Simulating random walk with "known" prediction Suppose a random walk that looks a bit like this
set.seed(420)
x=rnorm(1000)
y=rep(NA,length(x))
y[1]=x[1]
for (i in 2:length(x)) {
  y[i]=y[i-1]+x[i]*0.7
}


But it is not a real random walk like that, and it 
is just something which is very hard to predict (think weather). first 700 points are actual data, the other 300 are predictions.
The predictions are assumed to be "true" on average, they should follow the given path. However, we suspect that the path will be a lot more variable than predicted, there will be subintervals of higher and/or lower values, they shouldn't jump up or down too strongly.
How can we simulate some random walks, that will oscillate around the predictions (having a sort of similar mean) but with arbitrary variability. We suspect there will be subintervals with higher correlation and so it will take longer here to return to the mean. This to get a better idea of possible paths / scenarios during this time.
 A: The specification of the sort of data that you want to generate is very broad, and there are many ways to simulate sort of random walks with paths that have a tendency to 'return to the mean'.
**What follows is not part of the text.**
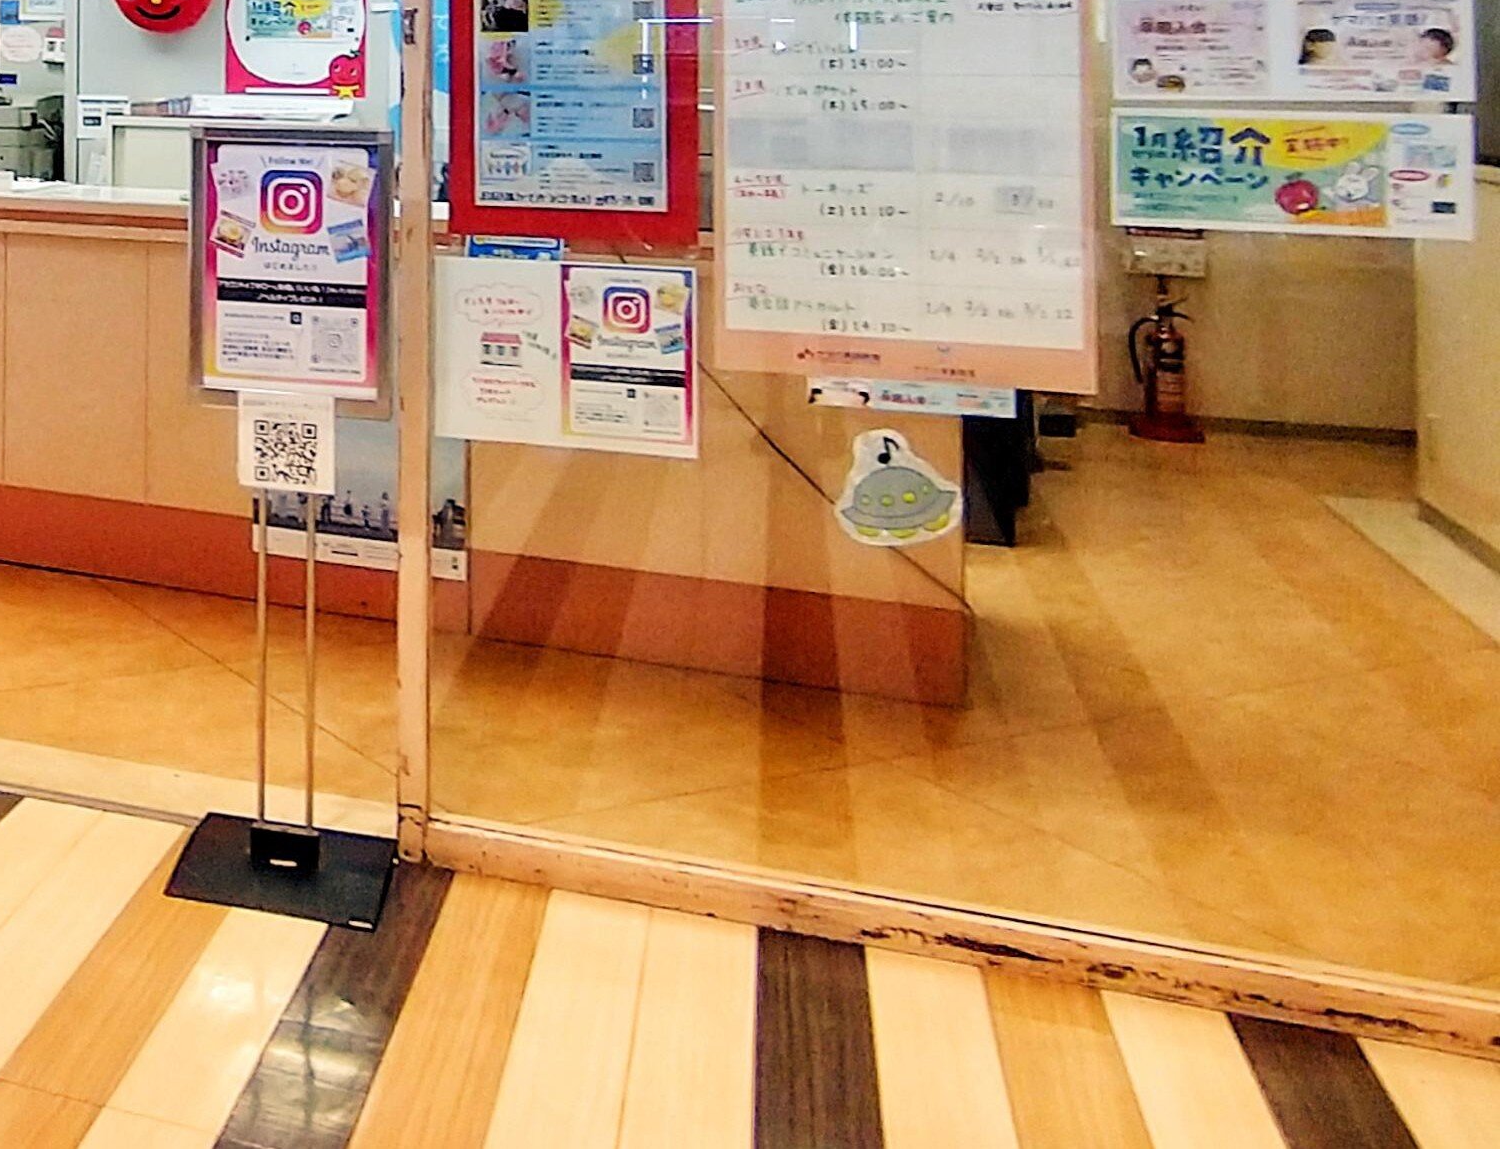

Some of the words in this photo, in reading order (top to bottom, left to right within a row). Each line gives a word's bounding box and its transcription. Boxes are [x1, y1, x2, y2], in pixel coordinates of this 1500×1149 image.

[1129, 166, 1270, 189] キャンペーン
[250, 235, 331, 262] Instagram
For instance, you can change your code like:
set.seed(420)
a = 0.9
b = 0.7
n = 10^4
x=rnorm(n)
y=rep(NA,n)
y[1]=x[1]
for (i in 2:n) {
  y[i]=a*y[i-1]+b*x[i]
}

Which is a damped random walk. 
related question (and possibly duplicate): Creating auto-correlated random values in R
more similar types of random walks: https://en.wikipedia.org/wiki/Autoregressive-moving-average_model
A: A random walk process that you're using has a constant (or zero) drift and variance:
$$dW_t=\xi_t,\\\xi_t\sim \mathcal N(0,\sigma^2)$$ 
You want "arbitrary variablility", i.e. $\sigma^2$ is not only changing with time, but also in some arbitrary way, whatever you meant by this word. If you meant that it's stochastic, unpredictable, then maybe you need to look at stochastic variance processes where $\sigma^2_t$ is a random process itself. One such model is Heston model, which is popular in derivative pricing in finance. 
There are simpler models such as GARCH. 
In GARCH the variance is not stochastic in sense that the variance of next step is completely determined by information to date. However, since you constantly get new information, the future variance gets updated at every step. So the variance is also arbitrary albeit in a narrower sense compared to the stochastic volatility process such as Heston.